Elle se repenche vers moi dans le but de me sucer. Moi je bande mou. Ca m'emmerde cette histoire de gamin qui a la fièvre. En me concentrant un peu, je sens que le désir se repointe au bout de ma queue. Oh oui, ça y est, c'est revenu. Sonia souffle sur mon gland, ça fait son p'tit effet. Ca part plutôt bien. Et puis un type vient frapper à la vitre. Je remonte mon froc dare-dare, je baisse la vitre, je regarde le gus ; Il est moche. Il a une cicatrice qui descend le long de sa joue droite.
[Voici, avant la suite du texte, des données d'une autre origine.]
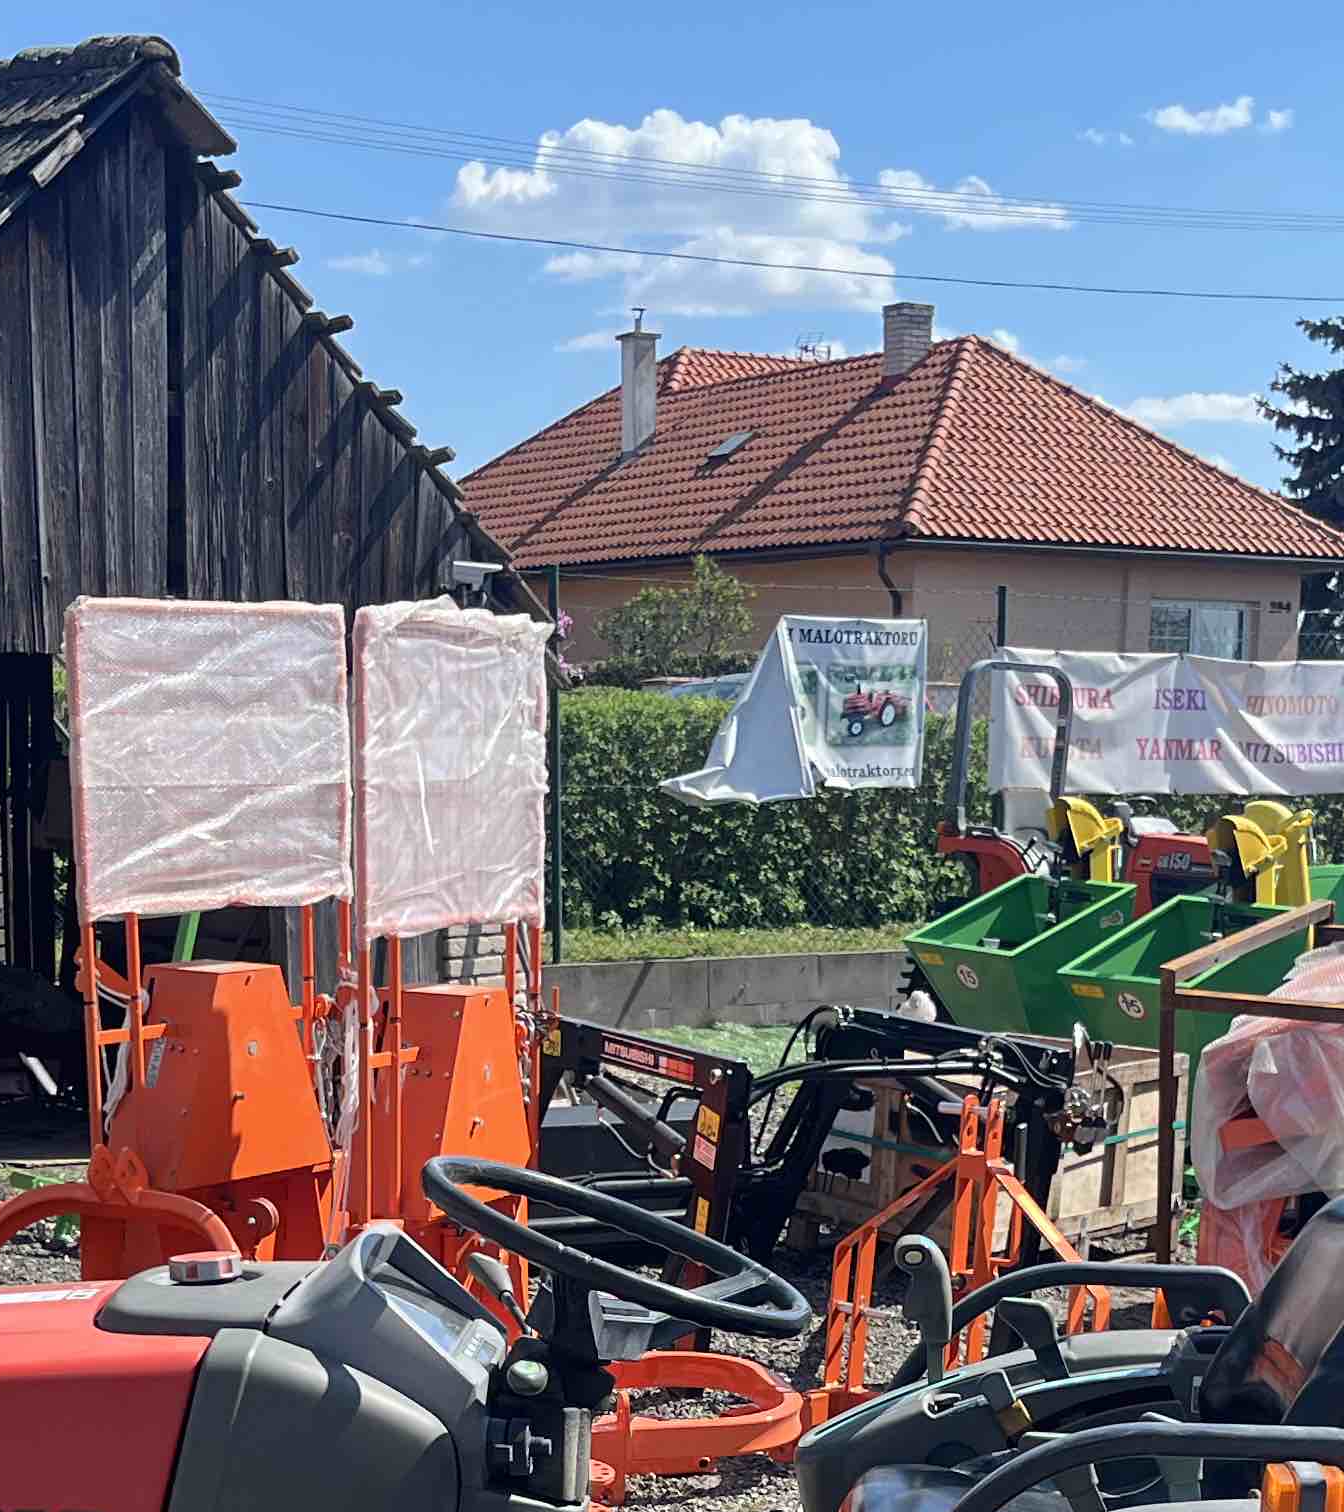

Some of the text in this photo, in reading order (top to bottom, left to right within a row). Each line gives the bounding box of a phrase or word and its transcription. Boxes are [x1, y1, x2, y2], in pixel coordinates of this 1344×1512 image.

[1015, 684, 1115, 710] SHIBURA
[1154, 688, 1206, 711] ISEKI
[1136, 738, 1223, 761] YANMAR
[1235, 741, 1344, 764] MITSUBISHI
Il nous dit :
Pardonnez-moi d'interrompre ce qui est sur le point de devenir une très très grande histoire d'amour, mais savez-vous qu'il y a des gens qui vivent là où vous vous donnez en spectacle ? Y' a des papis qui promènent leurs chiens, y'a des ados qui jouent au skate, y' a des personnes qui rentrent de leur travail.
Sonia et moi, on regarde le type, scotchés par cette leçon d'éducation civique, certes très instructive, mais qui arrive un peu mal-à-propos.
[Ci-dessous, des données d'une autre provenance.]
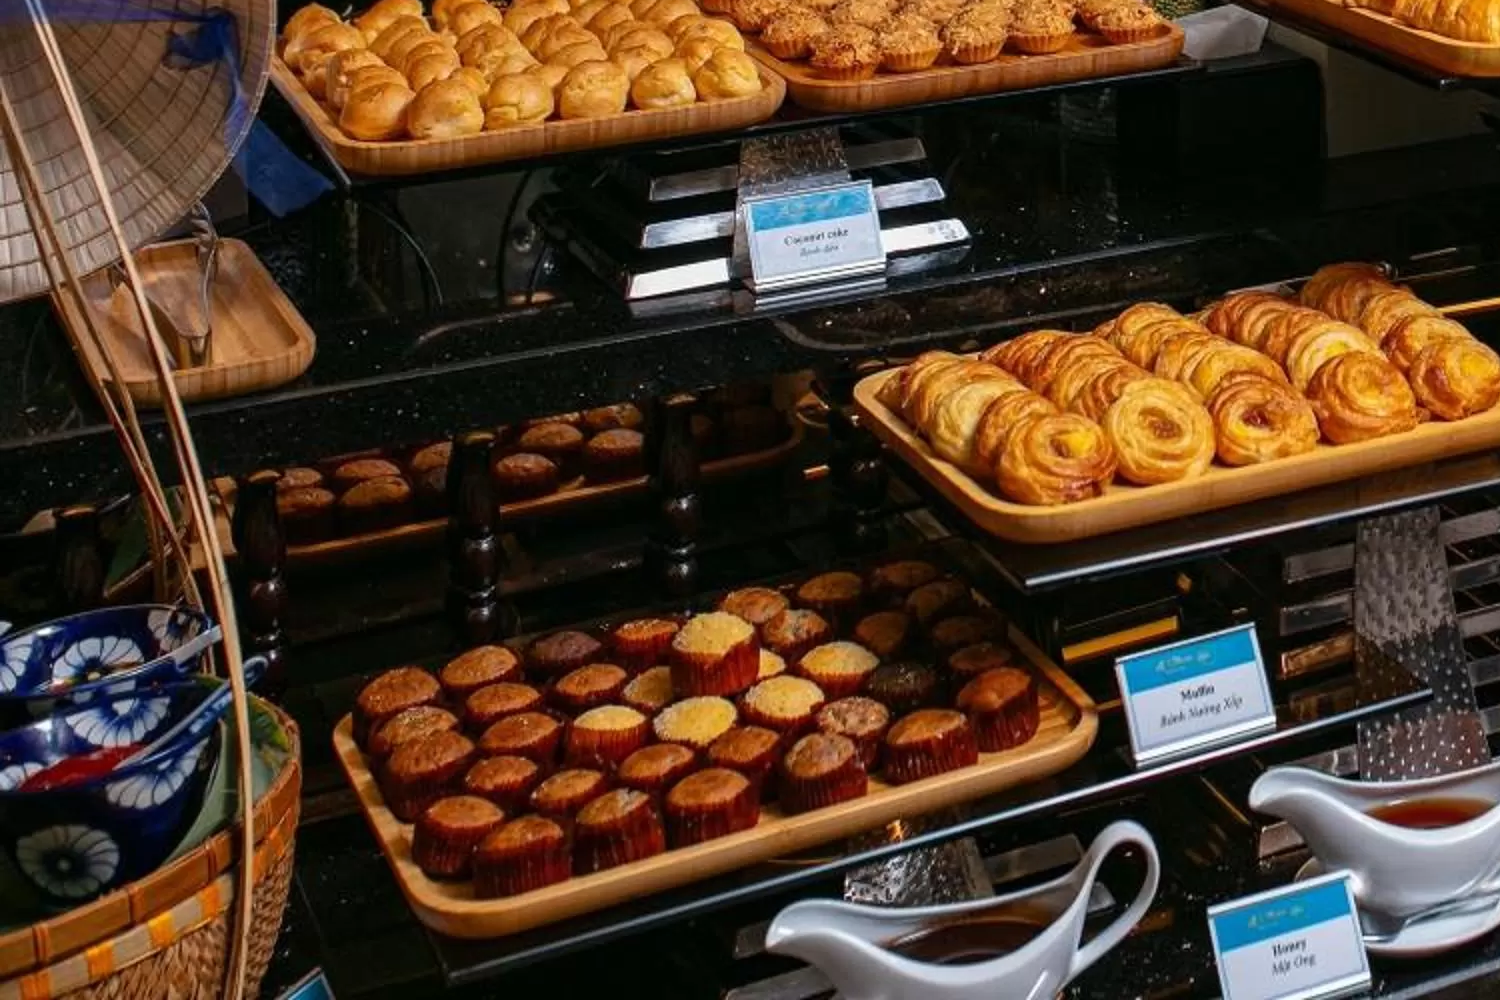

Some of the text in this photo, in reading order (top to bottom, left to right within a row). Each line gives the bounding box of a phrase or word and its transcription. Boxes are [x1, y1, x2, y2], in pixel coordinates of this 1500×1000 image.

[783, 227, 849, 247] Coconut cake
[1179, 683, 1215, 701] Muffin
[1159, 711, 1187, 729] Bánh
[1271, 938, 1307, 957] Honey
[1293, 953, 1316, 968] Ong
Alors dégagez d'là où j'appelle les flics, poursuit-il.
Mon égo de mâle blessé dans sa chair a juste trouvé à répondre à ce malotru :
Eh oh ! Quand il eût le dos tourné, bien sûr. Puis, je décidais de démarrer et de foutre le camp en vitesse.
- Ecoute Georges, me dit Sonia
- Gérard, j'm'appelle Gérard.
- Ecoute Gérard, on va chez moi. C'est à deux pas d'ici. Je ne fais jamais ça, d'habitude, emmener un client à mon appart. Mais là, j'me sens en confiance avec toi, mon chéri.
- Ca va pas déranger chez toi ? J'veux dire ton fils, ta sœur… S'ils sont pas aux urgences euh… Mais qu'est-ce qu'on s'en fout d'savoir si ça dérange ou non ! Elle te le propose, alors vas-y Ducon !
Sonia habitait à Lille – Fives, dans une cité franchement craignos, genre « On loue pas là-bas pour les vacances ».
Le trajet a duré 10 minutes. 10 minutes à bander, débander, rebander, redébander…
Sonia me chauffait grave tout en jouant avec son Smartphone ! Elle avait allongé ses jambes, les semelles de ses bottes collaient le pare-brise. Ses bas étaient filés. N'empêche qu'elle avait une putain de paire de guiboles. Non mais qu'est-ce qu'une Bimbo pareille fout sur un trottoir ! C'est sur un podium qu'elle devrait être.
En route, elle m'a demandé si j'étais marié. C'est là où j'ai débandé. Fraîchement divorcé, qu'j'y ai répondu. Et ça n'était pas faux. Mais Sonia, de grâce ! Viens pas me mettre Sandrine dans la tête. Du cul ! Du cul ! Du cul ! Pas de retour à la case sentiments… Pitié !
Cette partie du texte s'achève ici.